# WHAT THIS TASK INVOLVES
Give the records again in full, exactly as they appear, but without the pictures.

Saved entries
==*==

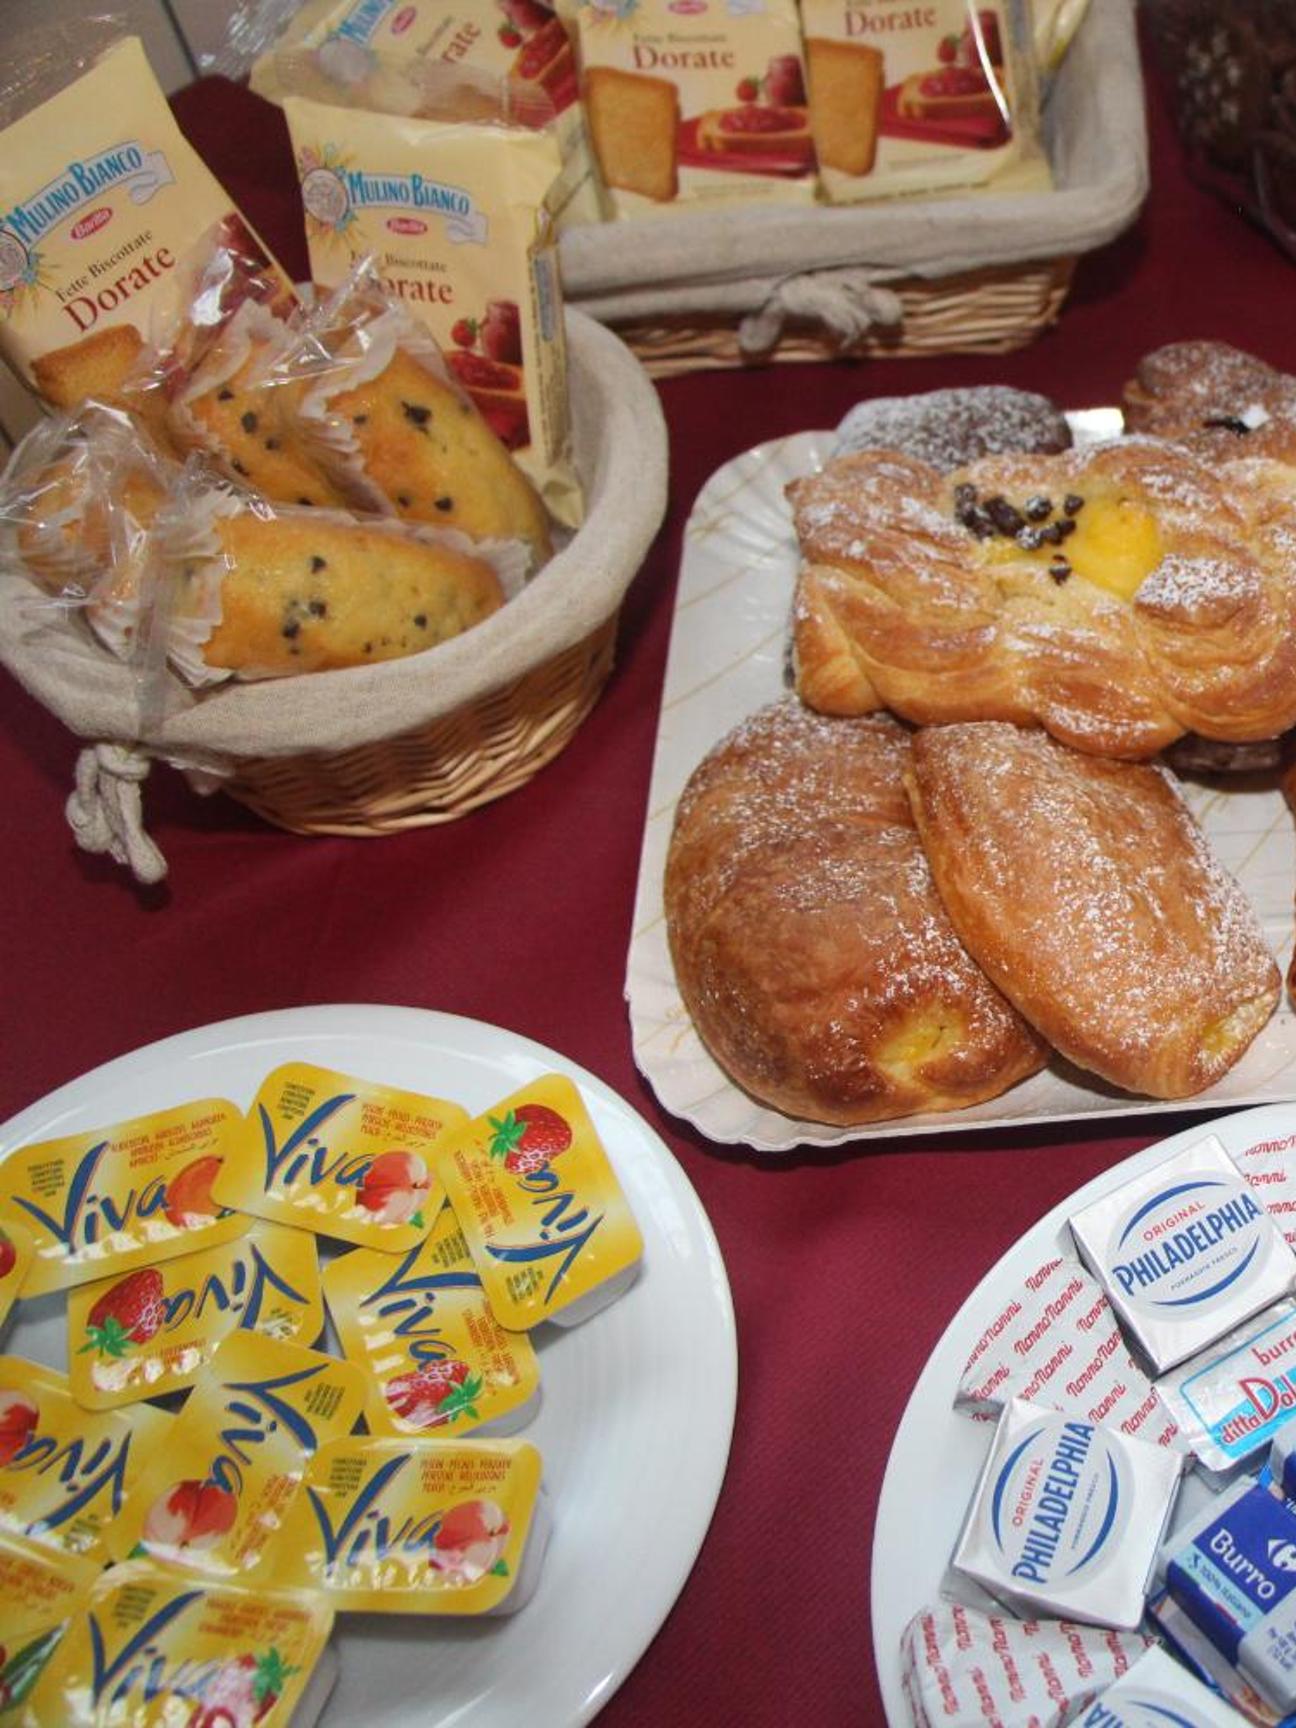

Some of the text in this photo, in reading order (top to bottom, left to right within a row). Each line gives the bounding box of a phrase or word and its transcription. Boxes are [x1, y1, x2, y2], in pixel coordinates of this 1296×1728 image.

[442, 22, 481, 64] rate
[632, 45, 735, 70] Dorate
[843, 6, 937, 36] Dorate
[6, 146, 143, 245] MULINO BIANCO
[347, 170, 471, 216] MULINO BIANCO
[55, 229, 153, 304] Fette Biscottate
[63, 246, 177, 333] Dorate
[378, 275, 454, 305] orate
[258, 1092, 375, 1195] Viva
[10, 1140, 171, 1256] Viva
[484, 1161, 606, 1306] Viva
[1142, 1200, 1207, 1243] ORIGINAL
[161, 1242, 312, 1333] Viva
[1111, 1191, 1265, 1297] PHILADELPHIA
[358, 1243, 483, 1375] Viva
[205, 1362, 330, 1498] Viva
[8, 1429, 133, 1536] Viva
[306, 1450, 445, 1578] Viva
[1011, 1457, 1045, 1528] ORIGINAL
[1011, 1420, 1096, 1585] PHILADELPHIA
[1209, 1528, 1277, 1600] Burro

==*==

# EXPECTED ANSWER
Some of the text in this photo, in reading order (top to bottom, left to right within a row). Each line gives the bounding box of a phrase or word and its transcription. Boxes are [x1, y1, x2, y2], in pixel coordinates of this 1296×1728 image.

[442, 22, 481, 64] rate
[632, 45, 735, 70] Dorate
[843, 6, 937, 36] Dorate
[6, 146, 143, 245] MULINO BIANCO
[347, 170, 471, 216] MULINO BIANCO
[55, 229, 153, 304] Fette Biscottate
[63, 246, 177, 333] Dorate
[378, 275, 454, 305] orate
[258, 1092, 375, 1195] Viva
[10, 1140, 171, 1256] Viva
[484, 1161, 606, 1306] Viva
[1142, 1200, 1207, 1243] ORIGINAL
[161, 1242, 312, 1333] Viva
[1111, 1191, 1265, 1297] PHILADELPHIA
[358, 1243, 483, 1375] Viva
[205, 1362, 330, 1498] Viva
[8, 1429, 133, 1536] Viva
[306, 1450, 445, 1578] Viva
[1011, 1457, 1045, 1528] ORIGINAL
[1011, 1420, 1096, 1585] PHILADELPHIA
[1209, 1528, 1277, 1600] Burro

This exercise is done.